Recombination plays an important role in the evolutionary history of plant viruses, including potyviruses (Moreno et al., 2004) (Gao et al., 2016a; Gao et al., 2017; Ohshima et al., 2007), luteoviruses (Pagán & Holmes, 2010) and cucumoviruses (Nouri et al., 2014). The greatest numbers of recombination events have been detected for the genus Caulimovirus (Cauliflower mosaic virus) in which the rate of recombination per base exceeds that of mutation (Froissart et al., 2005). However, the genetic variation generated by recombination is limited in OrMV and only one recombinant was observed in our analysis. There are two possible explanations. One is that the CP gene is a cold spot for recombination for OrMV. Such an idea has been proposed for some other plant viruses, such as Chilli veinal mottle virus (Gao et al., 2016a) and Arabis mosaic virus (ArMV)(Gao et al., 2016b). The other is that there is a strong selective pressure against the survival of OrMV recombinants. Consistently, purifying selection was detected at the majority of the polymorphic sites by two evolutionary analyses using the CODEML algorithm (Fig. S1), suggesting that most mutations in the OrMV CP gene were deleterious and consequently eliminated by natural selection.
Utilizing statistical models of variable ω ratios among sites, evidence of diversifying selection have been found in genes of potyvirus, such as Potato virus Y (Moury et al., 2002) and Tobacco etch virus (Cuevas et al., 2015). In this study, our results indicated that most codons of the OrMV CP gene were under purifying selection and no positively-selected amino acid site was identified. Strong selective constraint on the CP protein is probably attributed to the fact that it performs many different functions in the lifecycle of the virus, such as genome encapsidation, cell-to-cell movement, and plant-to-plant transmission (King et al., 2011). Interestingly, we found a difference in the selective constraints experienced by the two lineages of OrMV (Fig. 2, Table S4). In this case, the selective agents may be habitat differences between the two clades such as differences in the host species.
Geographic subdivision and host species contribute to the evolutionary dynamics of potyviruses, such as PVY, whose CP diversification was driven by both geographic and host-driven adaptations (Cuevas et al., 2012). In this study, the ML phylogenetic analysis did not show a clear geography-specific or host species specific clustering of OrMV possibly due to the occurrence of genetic exchange, but distinct genetic differences were discovered by AMOVA (Table 1) and BaTS (Table 2) analyses. The results of BaTS analyses provided evidence for host-specific clustering of OrMV isolates from the plant genera Ornithogalum, Lachenalia and Diuri, and we propose that to some extent, host-driven adaptation was responsible for the OrMV CP diversification.
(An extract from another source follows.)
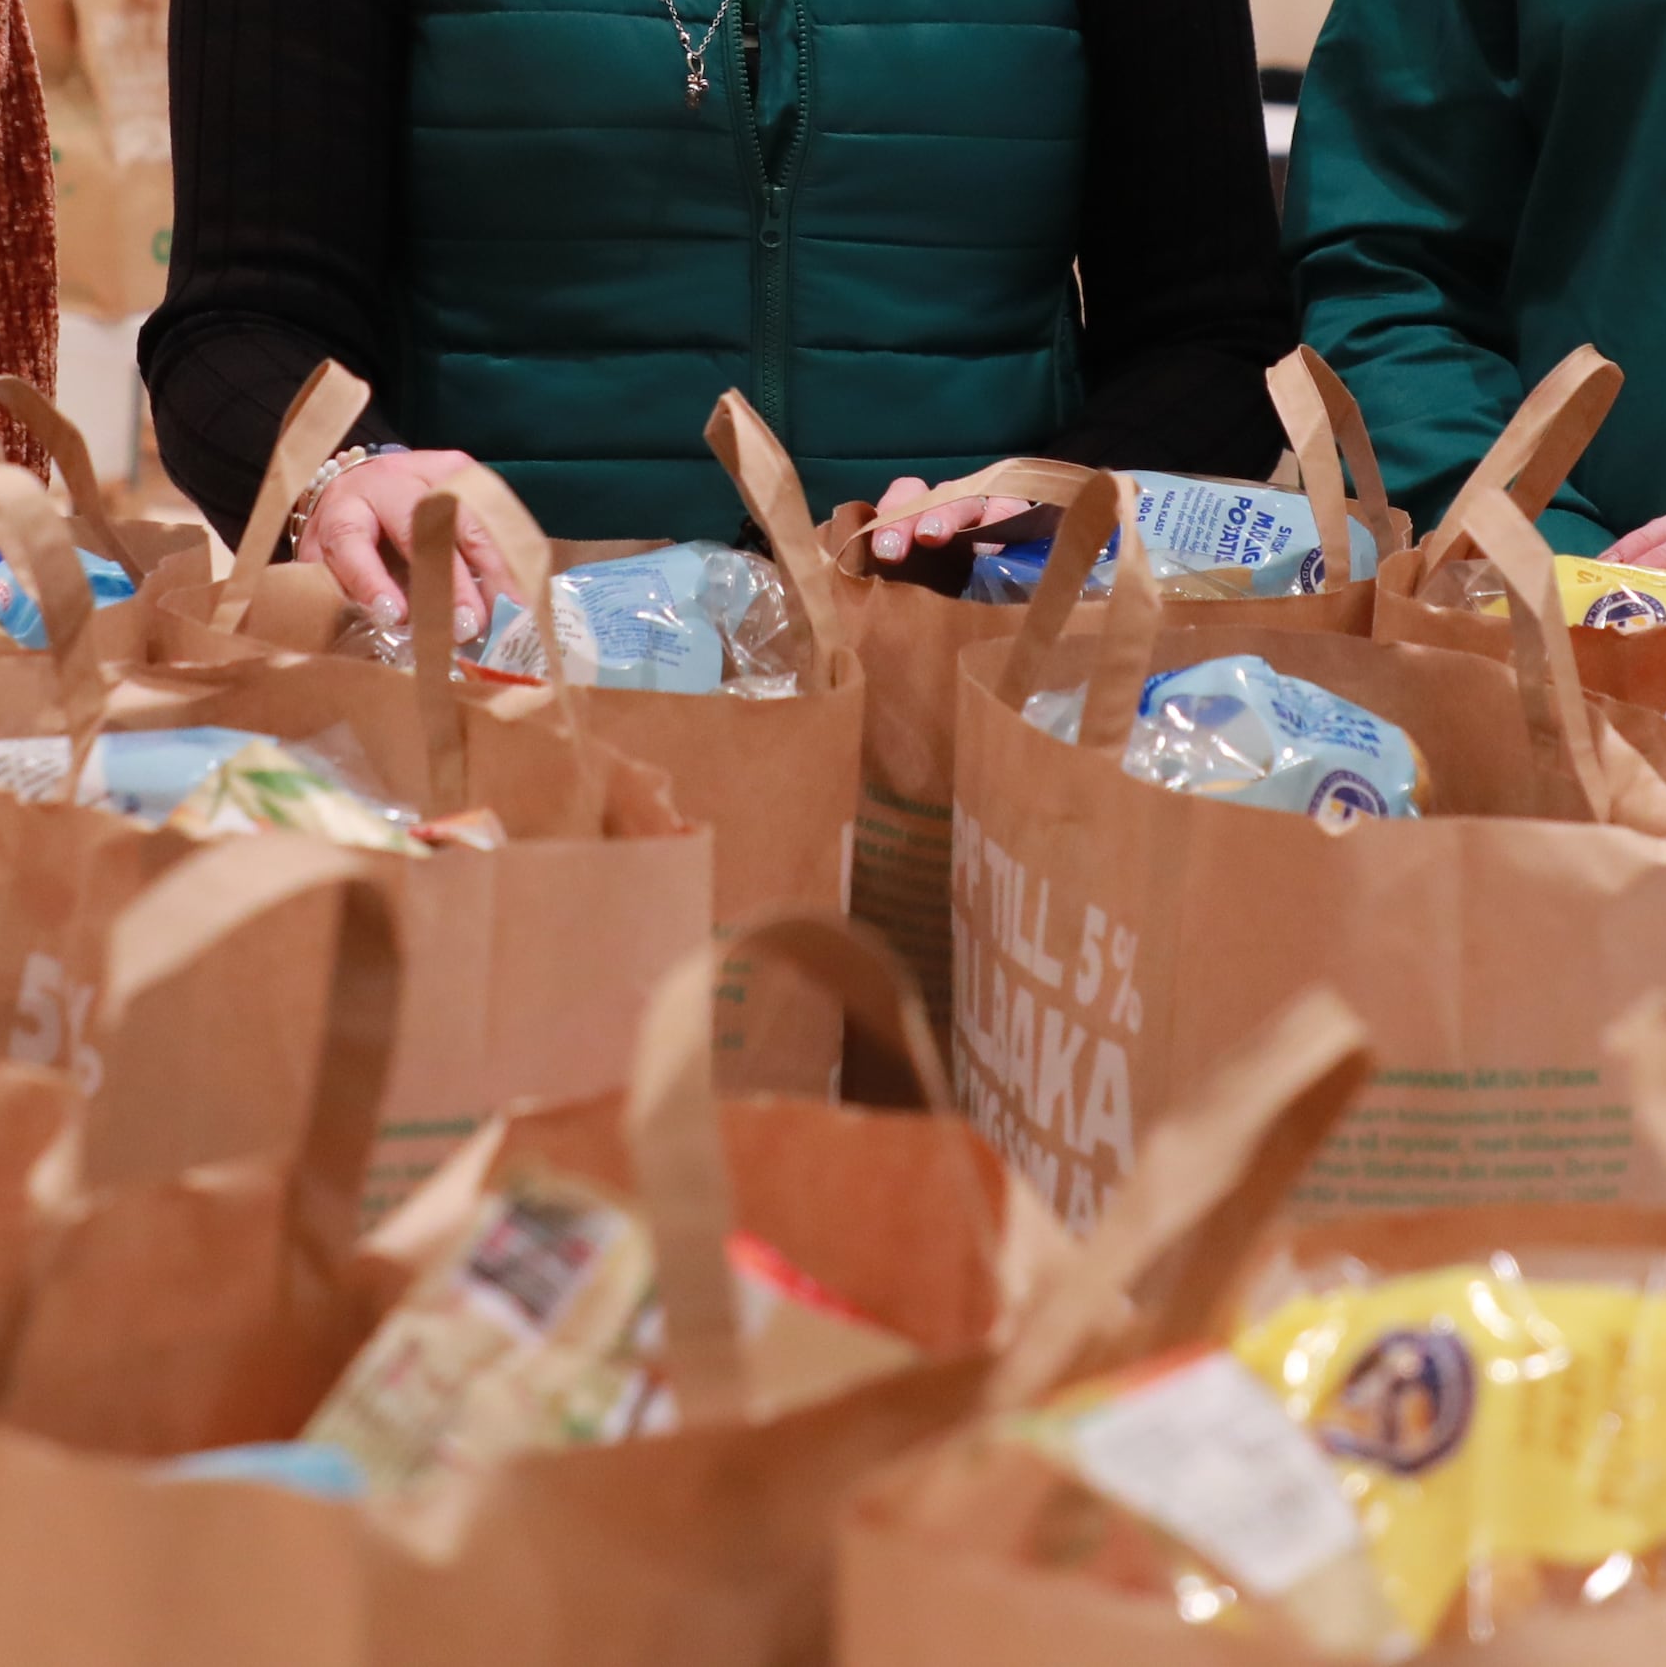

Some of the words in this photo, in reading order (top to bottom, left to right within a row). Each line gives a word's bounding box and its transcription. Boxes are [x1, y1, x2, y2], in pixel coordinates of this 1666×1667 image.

The possible role of geographic driven adaptation was not significant based on BaTs analyses at both large scale and finer scale. Therefore, geographic driven adaptation is not a major factor affecting OrMV CP diversification. Interestingly, a similar observation has been made for ArMV, a member of the genus Nepovirus of the subfamily Comovirinae within the family Secoviridae (Gao et al., 2016b). This suggests that OrMV and ArMV may share similar evolutionary mechanisms and that human activity has played a role in virus evolution because the introduction of ArMV and OrMV are more strictly controlled than that for PVY.
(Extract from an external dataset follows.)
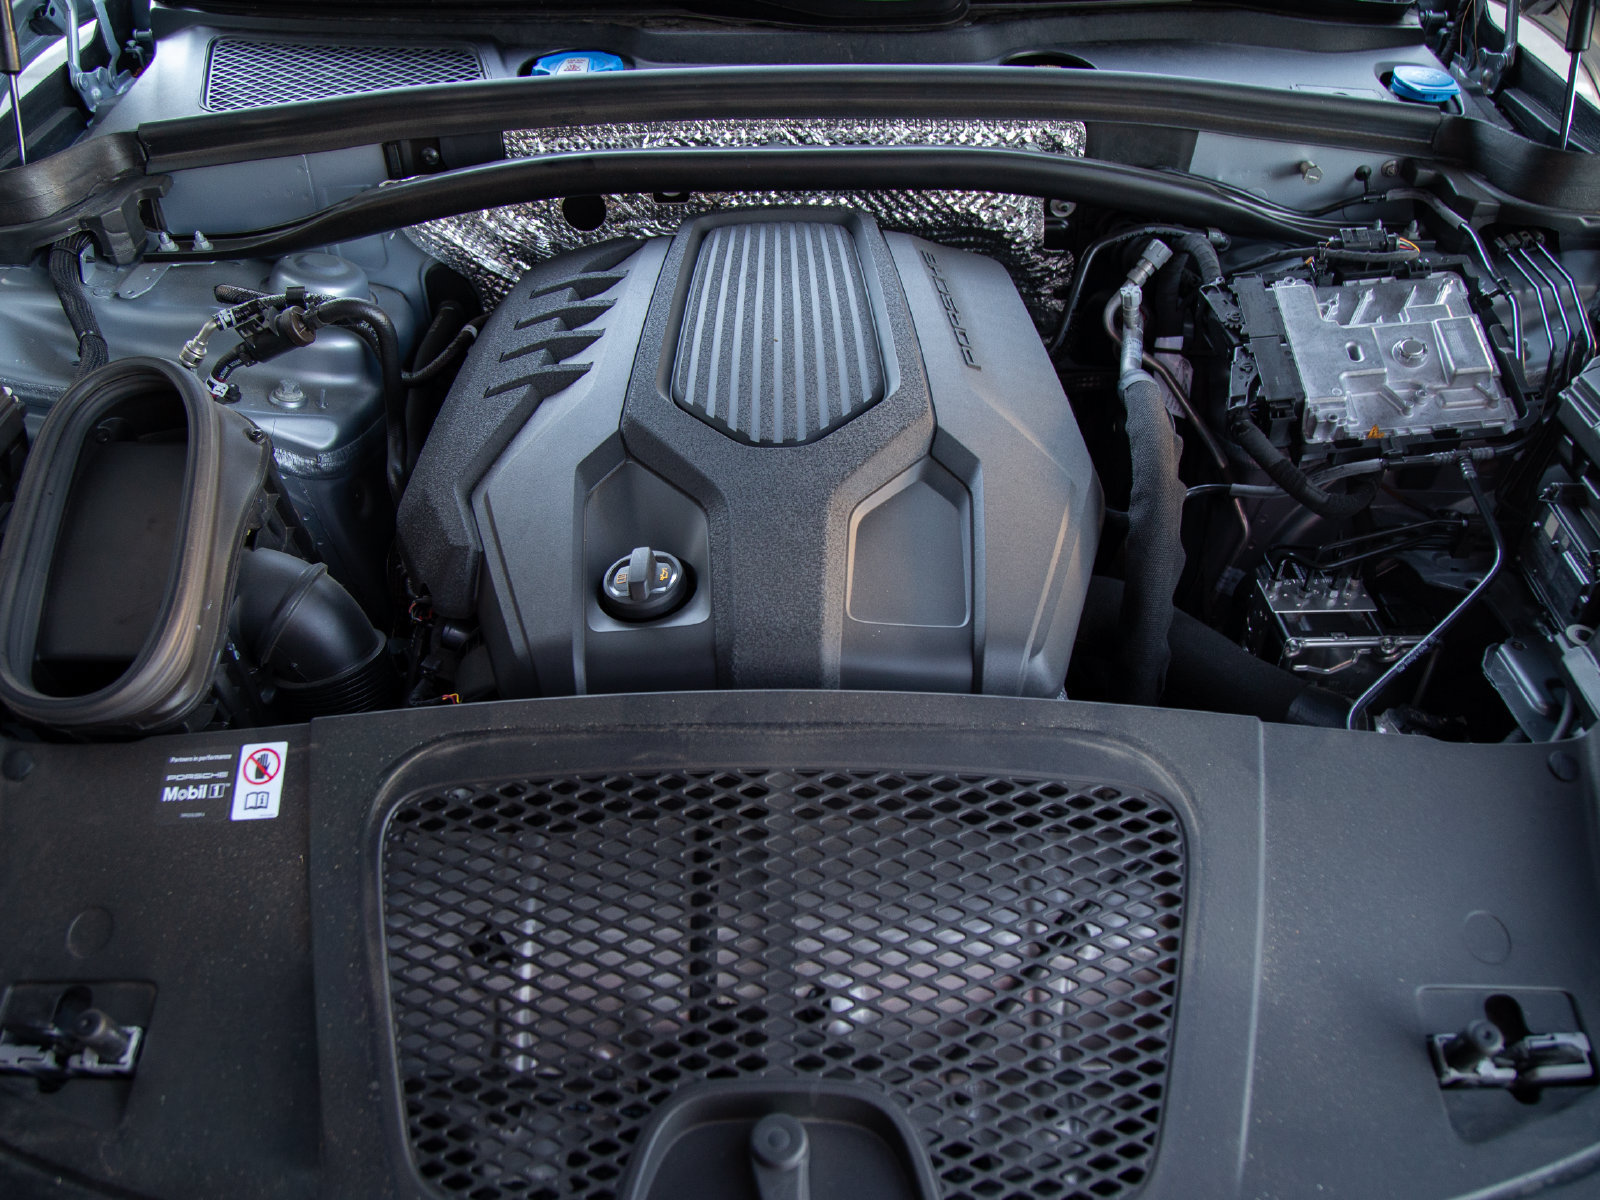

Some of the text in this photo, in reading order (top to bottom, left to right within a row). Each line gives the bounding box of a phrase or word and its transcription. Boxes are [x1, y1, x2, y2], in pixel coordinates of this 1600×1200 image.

[920, 250, 982, 371] PORSCHE
[166, 771, 229, 781] PORSCHE
[163, 784, 208, 802] Mobil
In summary, this study represents the first attempt to understand the molecular evolution of OrMV. We found evidence of selective constraints in OrMV evolution and its diversification was maintained partially by host-driven adaptation. However, isolates included in this analysis were relatively limited both in geography and host species. Further studies with larger, multiple-location and multiple-host-species sampling are needed to confirm our results and generalize the findings.